*** Data for this task ***
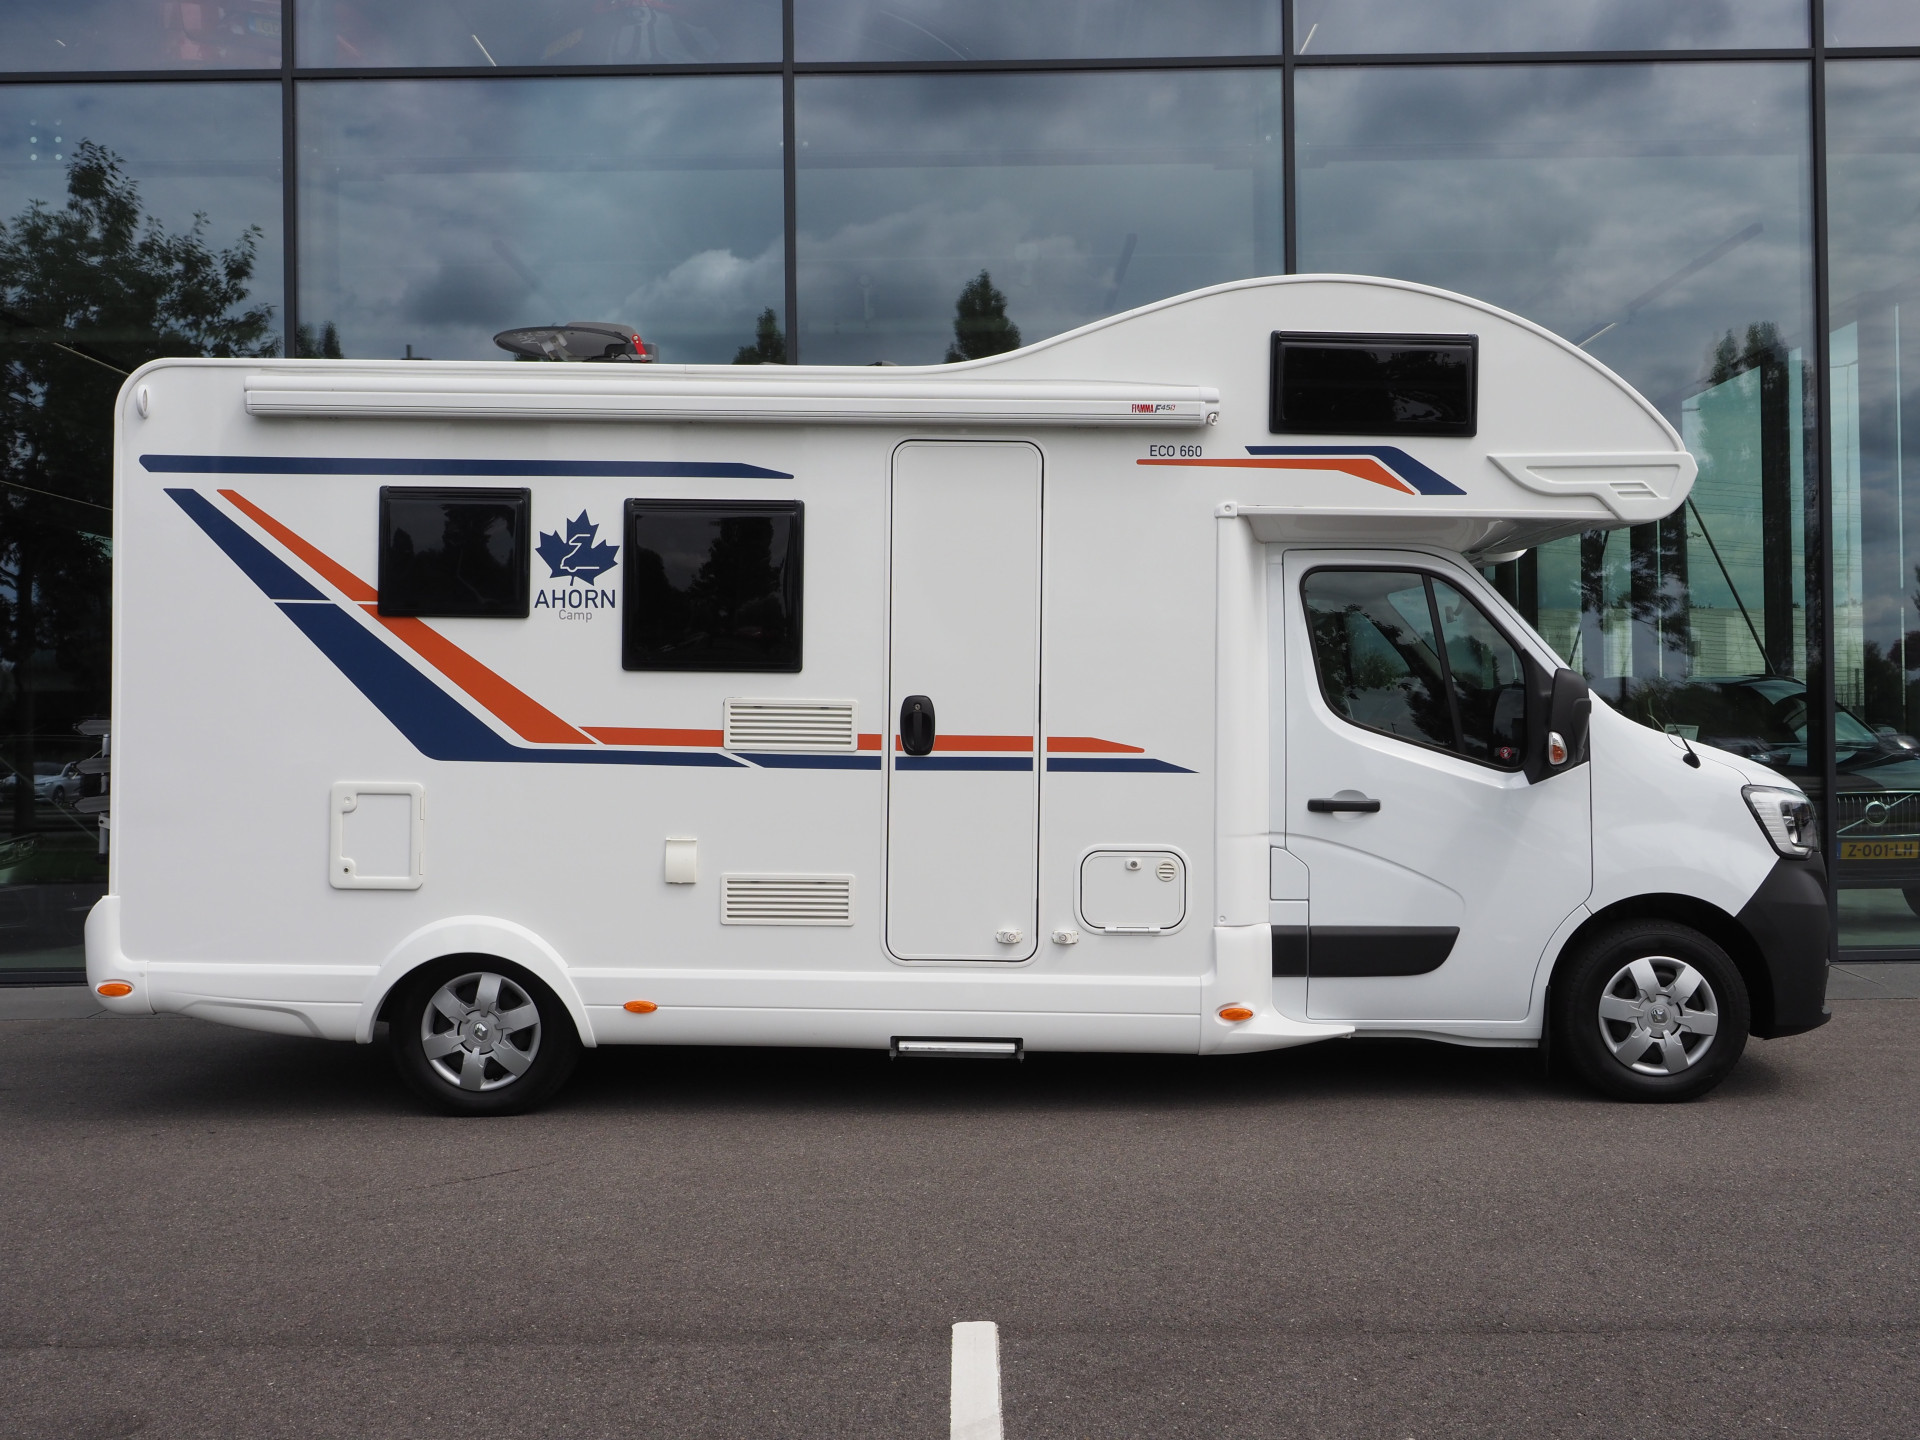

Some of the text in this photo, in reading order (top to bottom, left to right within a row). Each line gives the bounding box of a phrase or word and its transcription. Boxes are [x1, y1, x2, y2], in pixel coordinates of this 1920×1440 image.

[1132, 404, 1154, 413] FIAMMA
[1150, 445, 1202, 457] ECO 660
[534, 589, 616, 608] AHORN
[558, 609, 593, 623] Camp
[1848, 844, 1913, 857] Z-001-LH
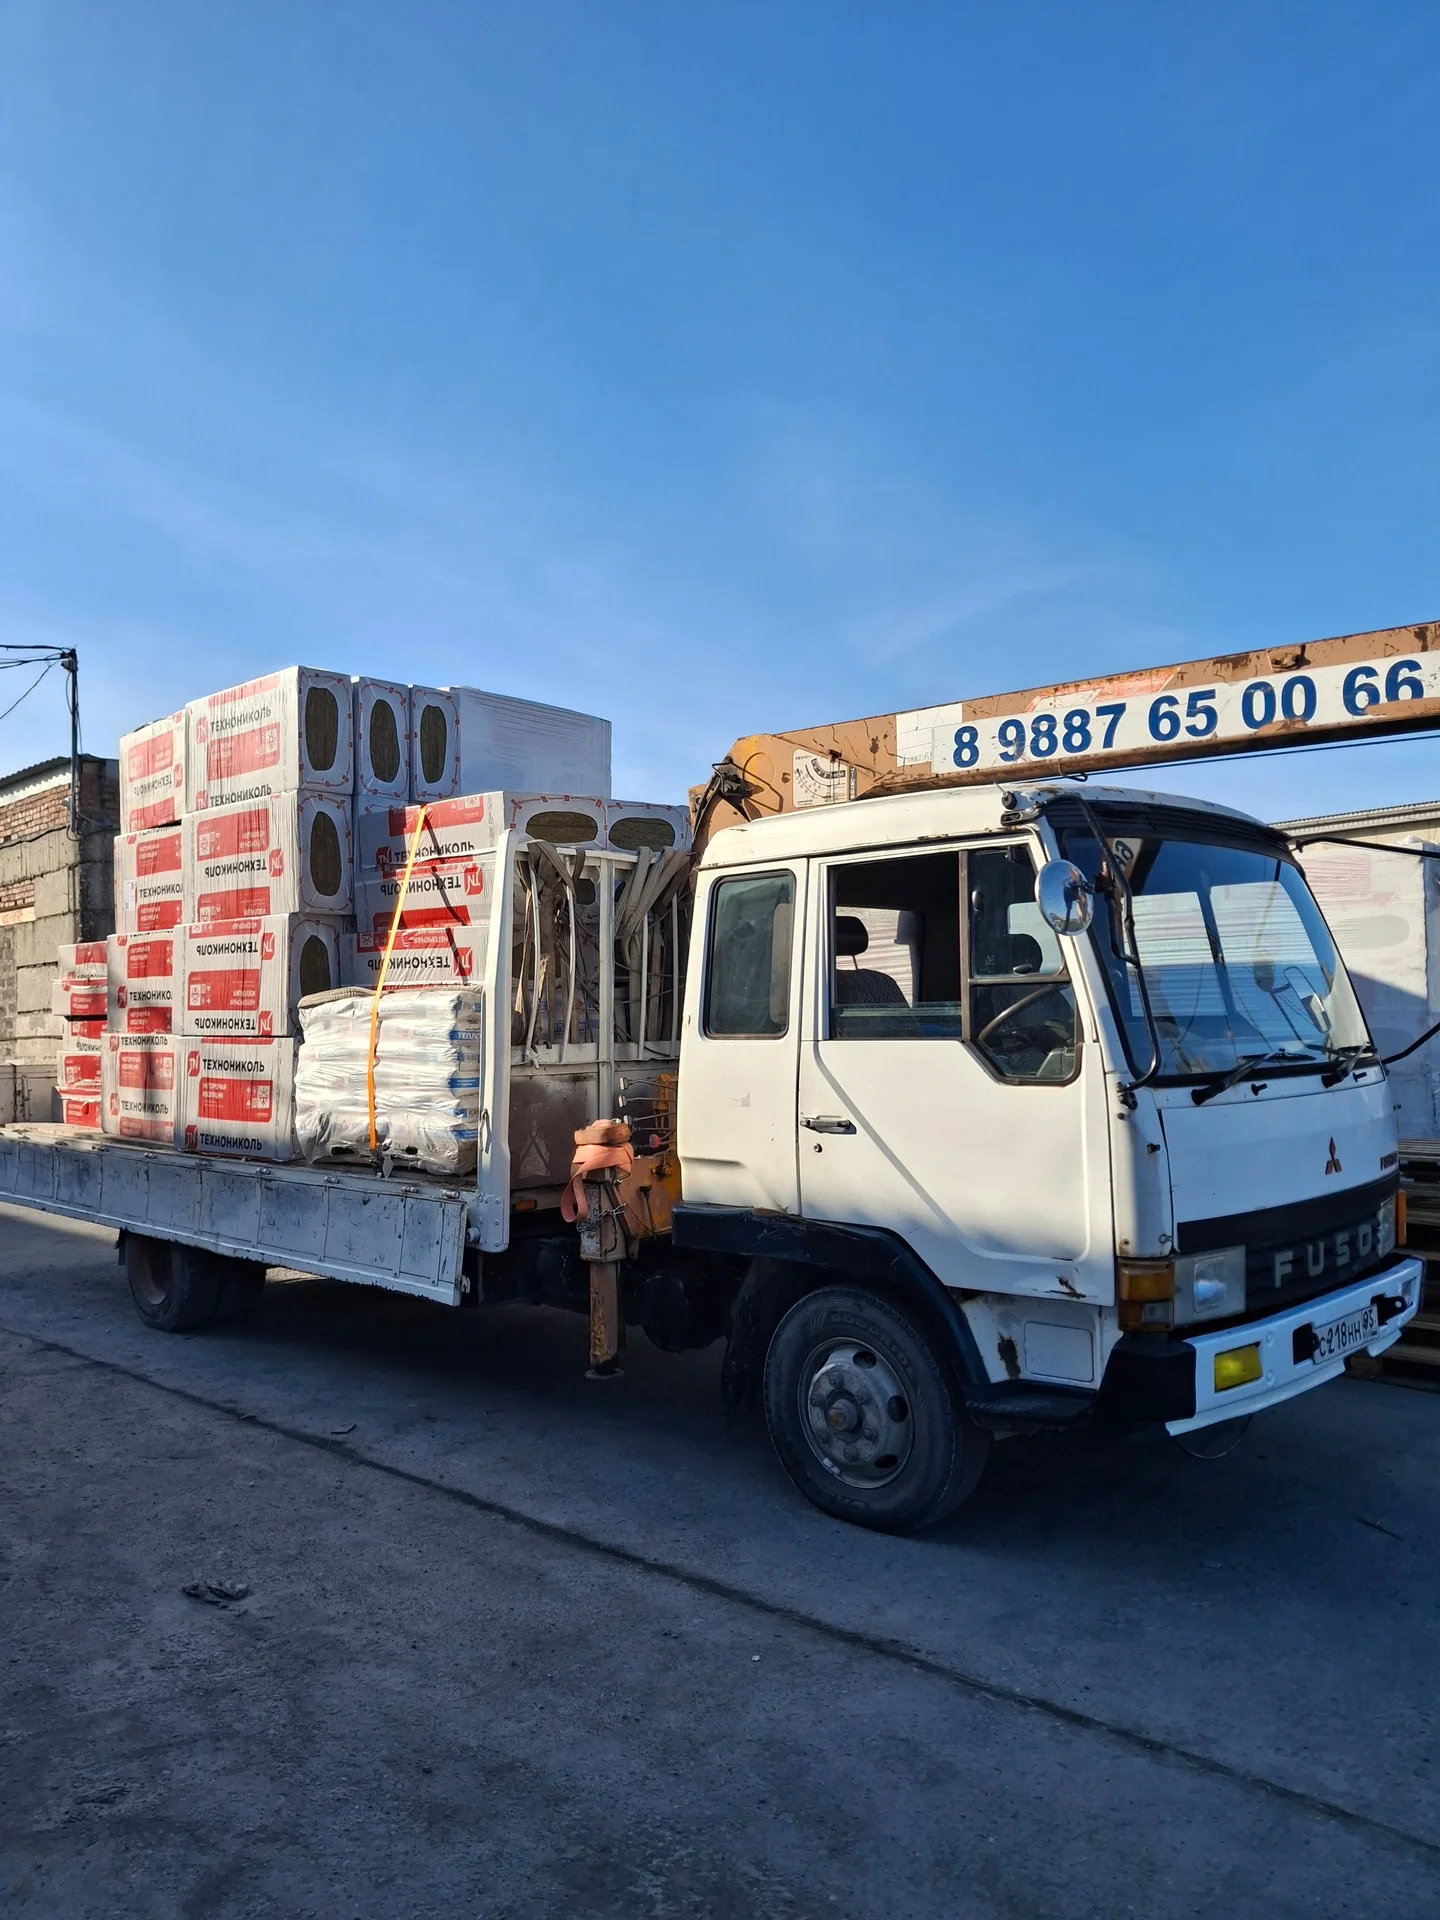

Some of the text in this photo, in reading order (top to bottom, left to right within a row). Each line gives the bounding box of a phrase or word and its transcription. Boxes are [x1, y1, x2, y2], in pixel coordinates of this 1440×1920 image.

[210, 706, 272, 733] ТЕХНОНИКОЛЬ
[953, 659, 1424, 768] 8 9887 65 00 66
[210, 784, 272, 806] ТЕХНОНИКОЛЬ
[394, 841, 475, 863] ТЕНОНИКОЛЬ
[204, 859, 267, 878] ТЕХНОНИКОЛЬ
[380, 876, 461, 896] ТЕХНОНИОЛЬ
[196, 941, 258, 956] ТЕХНОНИКОЛЬ
[368, 956, 450, 971] ТЕХНОНИКЛЬ
[129, 990, 172, 1002] ТЕХНОНИКО
[195, 1017, 256, 1031] ТЕХНОНИКОЛЬ
[121, 1036, 168, 1046] ТЕХНОНИКОЛЬ
[203, 1059, 265, 1073] ТЕХНОНИКОЛЬ
[121, 1101, 168, 1114] ТЕХНОНИКОЛЬ
[200, 1133, 262, 1151] ТЕХНОНИКОЛЬ
[1273, 1223, 1373, 1289] FUSO
*** End of Data for this task ***
Your task
In your copy of the entries above, leave out the pictures and keep every word exact.

Problem solution
Some of the text in this photo, in reading order (top to bottom, left to right within a row). Each line gives the bounding box of a phrase or word and its transcription. Boxes are [x1, y1, x2, y2], in pixel coordinates of this 1920×1440 image.

[1132, 404, 1154, 413] FIAMMA
[1150, 445, 1202, 457] ECO 660
[534, 589, 616, 608] AHORN
[558, 609, 593, 623] Camp
[1848, 844, 1913, 857] Z-001-LH

Some of the text in this photo, in reading order (top to bottom, left to right within a row). Each line gives the bounding box of a phrase or word and its transcription. Boxes are [x1, y1, x2, y2], in pixel coordinates of this 1440×1920 image.

[210, 706, 272, 733] ТЕХНОНИКОЛЬ
[953, 659, 1424, 768] 8 9887 65 00 66
[210, 784, 272, 806] ТЕХНОНИКОЛЬ
[394, 841, 475, 863] ТЕНОНИКОЛЬ
[204, 859, 267, 878] ТЕХНОНИКОЛЬ
[380, 876, 461, 896] ТЕХНОНИОЛЬ
[196, 941, 258, 956] ТЕХНОНИКОЛЬ
[368, 956, 450, 971] ТЕХНОНИКЛЬ
[129, 990, 172, 1002] ТЕХНОНИКО
[195, 1017, 256, 1031] ТЕХНОНИКОЛЬ
[121, 1036, 168, 1046] ТЕХНОНИКОЛЬ
[203, 1059, 265, 1073] ТЕХНОНИКОЛЬ
[121, 1101, 168, 1114] ТЕХНОНИКОЛЬ
[200, 1133, 262, 1151] ТЕХНОНИКОЛЬ
[1273, 1223, 1373, 1289] FUSO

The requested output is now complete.